9 SIGNS YOU'RE AN EMOTIONALLY EXHAUSTED MOM PRETENDING EVERYTHING'S FINE
- AA
- Jun 17
- 7 min read

When You're Running On Empty
You love your kids. Naturally, you care a lot about your family. But some days, the weight of everything feels a little too much, and yet you push through with all you have anyway.
You wake up tired. Your body moves, but your mind lags behind. You deal with a never-ending list, school runs, work deadlines, grocery runs, cooking, cleaning, and raising your kids. Staying patient, staying present.
It never stops, and neither do you.
You keep pushing. You keep showing up.
You keep telling people you're "fine" or "just tired", but deep down, you know it's more than just that. You feel emotionally drained. You don't even remember what it feels like to feel light, rested, or even genuinely excited about something.
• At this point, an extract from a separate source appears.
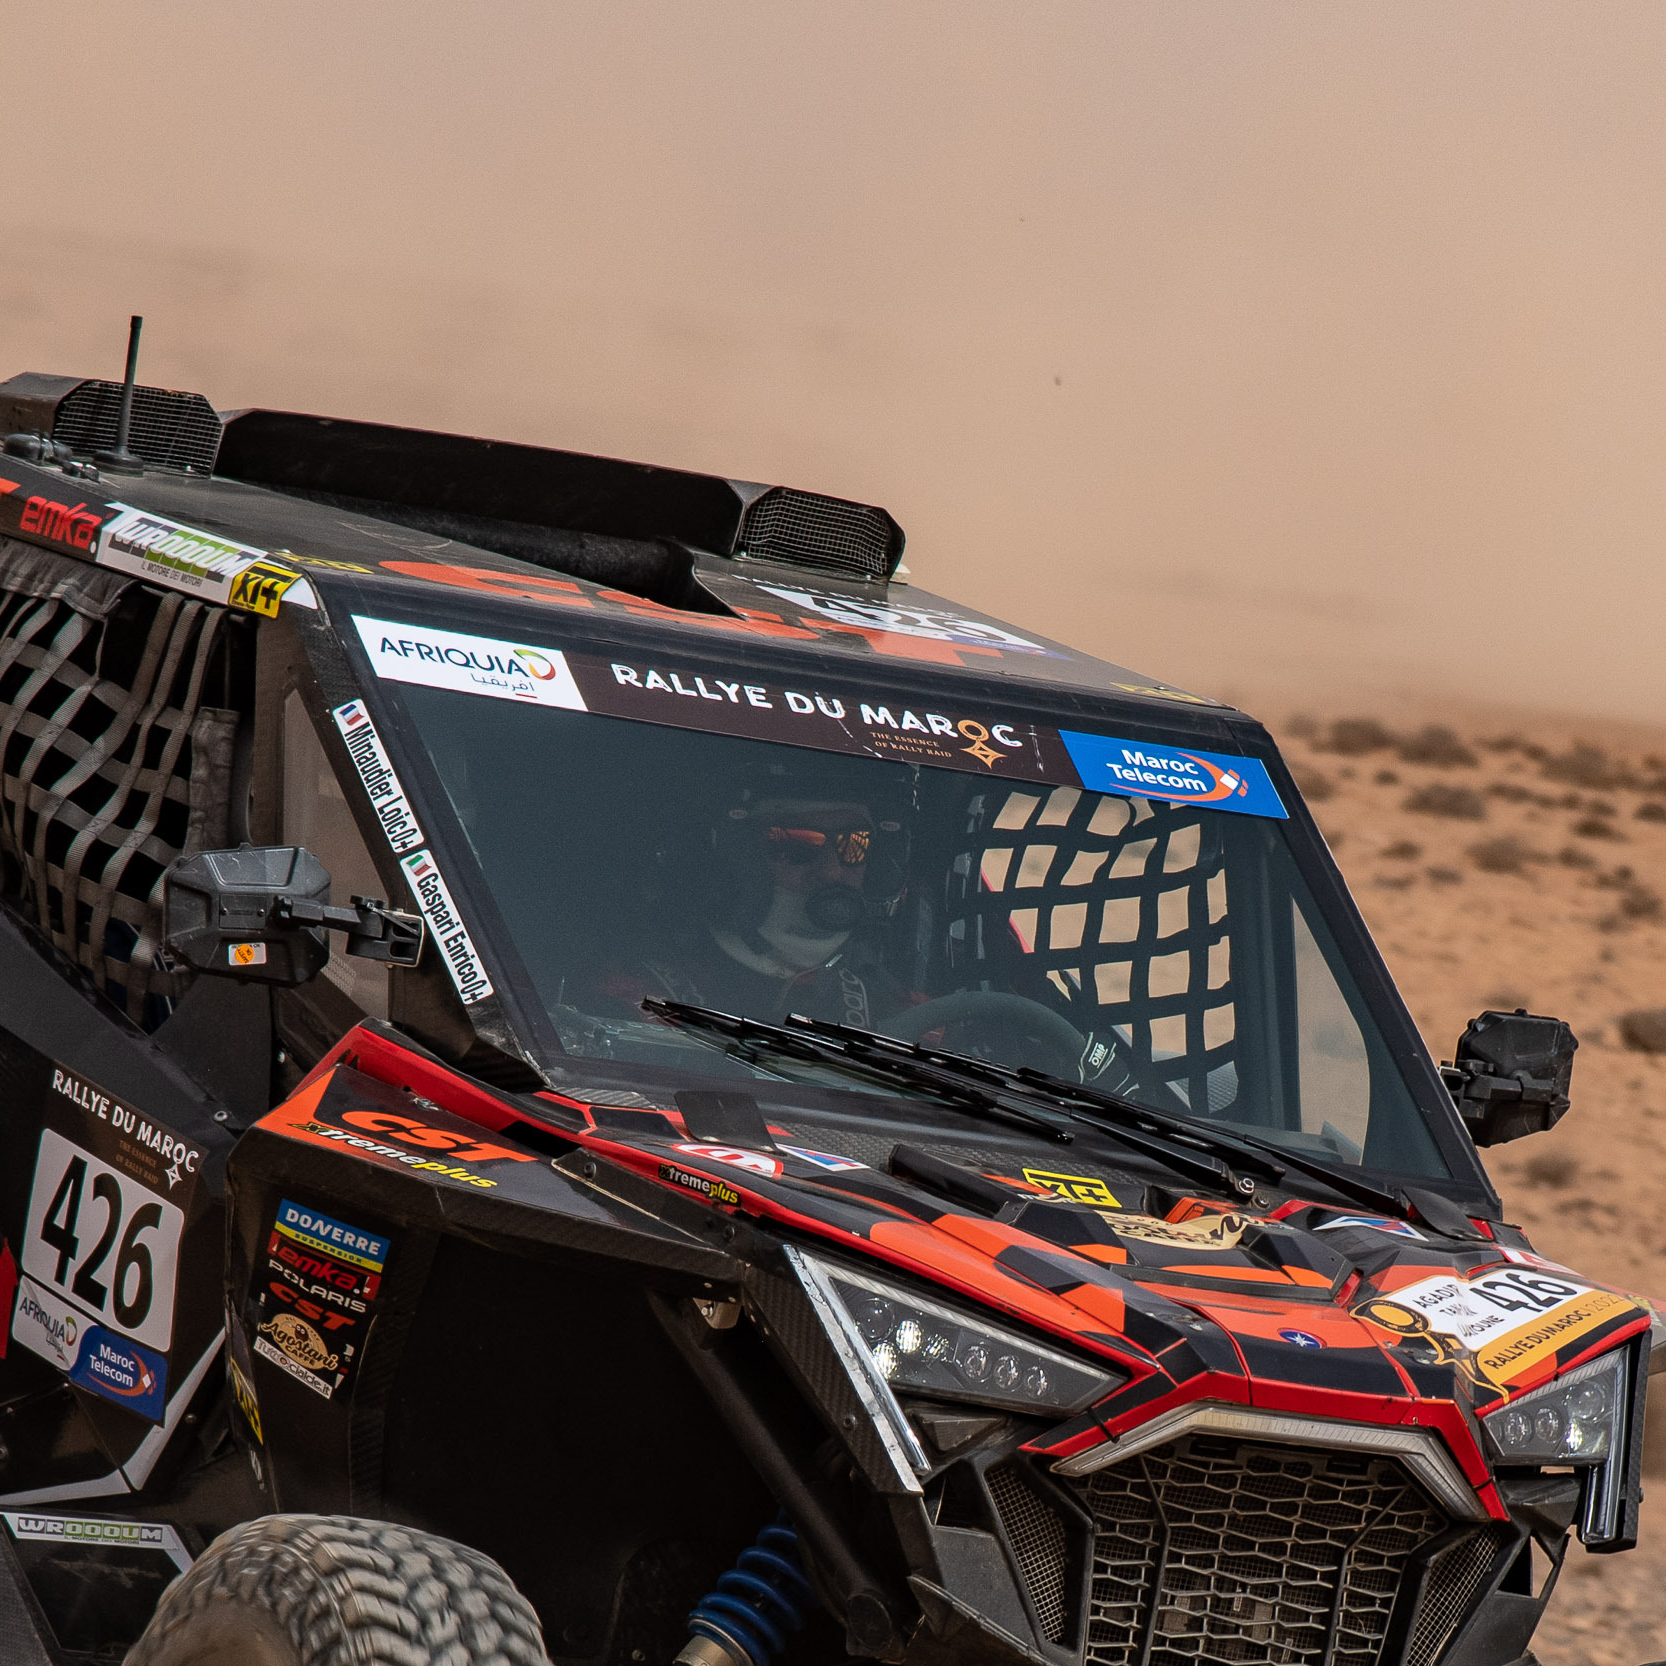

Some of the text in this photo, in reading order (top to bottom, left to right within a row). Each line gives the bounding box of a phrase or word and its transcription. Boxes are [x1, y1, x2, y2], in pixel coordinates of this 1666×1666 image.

This is just a busy phase. You're emotionally and mentally exhausted.
And what makes it harder? Most people don't see it. Moms are expected to do it all. Smile. Be strong. And when you're the one holding everything up, there is no such thing as space to fall apart.
But you deserve better. You deserve to feel like you again. Not just a mom running on autopilot day in and day out. Not just someone who keeps giving until there's nothing left.
People say we can't pour from an empty cup, but we do it. Moms do it every day. But it's just not the same. Sometimes we just feel like a shell of something, and that's not good. Not for your kids. Your family. Or YOU.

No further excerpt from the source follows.